The government of Uganda, where oil was discovered in 2006, has said it expects to begin shipping crude within five years. To do that, it must overcome challenges facing other countries in the region like Mozambique and Tanzania, where a lack of finance and technical capacity to build multiple, capital-intensive infrastructure projects is delaying the start of natural-gas production.
“Everything being done in Uganda is for the first time ever, everything can be a risk,” said Will Hares, an analyst at Bloomberg Intelligence in London. “Timetables are prone to slipping, especially in frontier regions. All stakeholders would suffer from project delays.”
Landlocked Uganda has an estimated 1.7 billion barrels of recoverable oil at fields in the Lake Albert basin that the government expects Tullow, Total and China’s Cnooc Ltd. to start pumping by 2021. The government has estimated it will receive $43 billion of revenue from the resource over 25 years.

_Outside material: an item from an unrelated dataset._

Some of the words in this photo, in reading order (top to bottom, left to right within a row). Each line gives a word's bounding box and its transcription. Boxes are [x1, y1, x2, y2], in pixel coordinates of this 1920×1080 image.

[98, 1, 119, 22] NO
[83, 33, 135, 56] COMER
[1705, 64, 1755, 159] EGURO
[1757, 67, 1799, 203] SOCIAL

Developing the fields to commercial production requires about $8 billion, though engineering design work on the project has “yet to start,” said George Cazenove, a spokesman for Tullow. For production to start in 2021, Tullow would have to make a final investment decision on the project by 2018, according to Cazenove. The crude would then need to be ferried along a yet-to-be constructed 1,400-kilometer (870-mile) pipeline to the Indian Ocean port of Tanga in neighboring Tanzania. The government this week opened a tender for surveys of the route for the conduit.
Uganda expects the pipeline, which is backed by Total, to be completed in three years, according to Robert Kasande, the acting head of the state-run Petroleum Directorate. The government is considering building an airport in the oil region to speed up logistics, he said in an interview Nov. 10.

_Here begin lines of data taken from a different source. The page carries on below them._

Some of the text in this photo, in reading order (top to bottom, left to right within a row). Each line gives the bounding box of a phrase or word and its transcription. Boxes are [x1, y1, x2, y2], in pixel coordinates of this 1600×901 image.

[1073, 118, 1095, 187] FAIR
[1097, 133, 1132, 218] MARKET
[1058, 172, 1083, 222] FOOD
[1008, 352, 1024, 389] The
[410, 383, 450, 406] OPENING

Total spokeswoman Ahlem Friga-Noy and Cnooc spokeswoman Aminah Bukenya didn’t respond to e-mailed requests for comment.
The development of Uganda’s oil industry has been slow if compared with other sub-Saharan African producers like Ghana, where output started three years after discoveries were made. The Ugandan government took 10 years to issue production licenses to Tullow and Total. In addition, in April it reversed a decision made eight months earlier to route the pipeline via Kenya, deciding to go via Tanzania instead. The challenges of coordinating the cross-border project between Uganda and Tanzania has “substantially raised the probability of a delay,” BMI Research said in e-mailed note.
In July, Uganda also halted talks with Rostec State Corp. of Russia to build a $4 billion refinery, postponing the production of refined oil for two years until 2020.

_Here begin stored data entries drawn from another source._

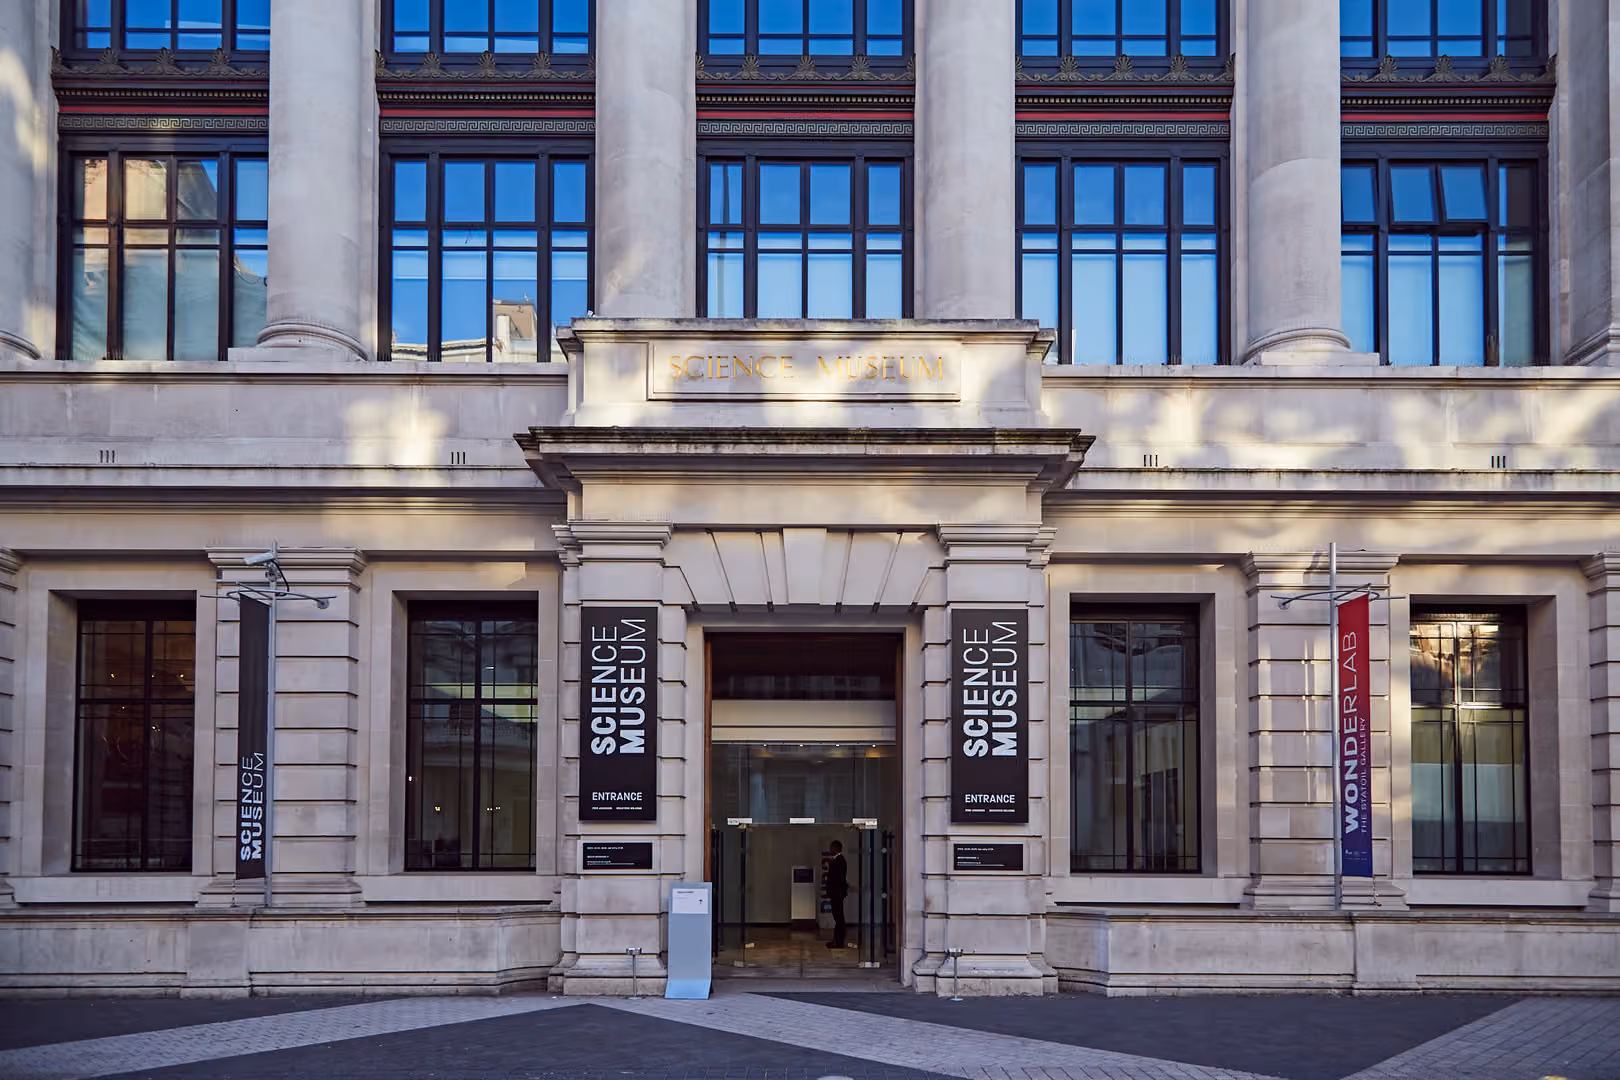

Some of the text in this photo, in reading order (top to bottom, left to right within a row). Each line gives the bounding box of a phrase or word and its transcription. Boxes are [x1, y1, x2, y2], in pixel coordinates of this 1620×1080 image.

[668, 355, 944, 380] SCIENCE MUSEUM
[591, 626, 617, 755] SCIENCE
[619, 619, 646, 754] MUSEUM
[963, 628, 989, 758] SCIENCE
[992, 621, 1018, 757] MUSEUM
[1343, 631, 1359, 834] WONDERLAB
[240, 756, 253, 861] SCIENCE
[251, 752, 264, 860] MUSEUM
[592, 791, 643, 801] ENTRANCE
[965, 794, 1016, 804] ENTRANCE

“A multitude of projects that need to be completed significantly increases chances of development bottlenecks,” Jacques Nel, a senior economist at Paarl, South Africa-based NKC African Economics, said in an e-mailed response to questions. “The government has more to lose than oil companies regarding the risk of delayed oil production.”
There is the potential for further “politically driven delays” in Uganda should the government insist that oil production be preceded by the proposed 60,000 barrels-per-day refinery, said Clare Allenson, an Africa analyst at Eurasia Group.
“Market realities will also likely contribute to delays,” with crude prices having dropped 45 percent over the past two years .
“Low oil prices will be a drag on project timelines as operators grapple with a difficult financing environment,” Allenson said.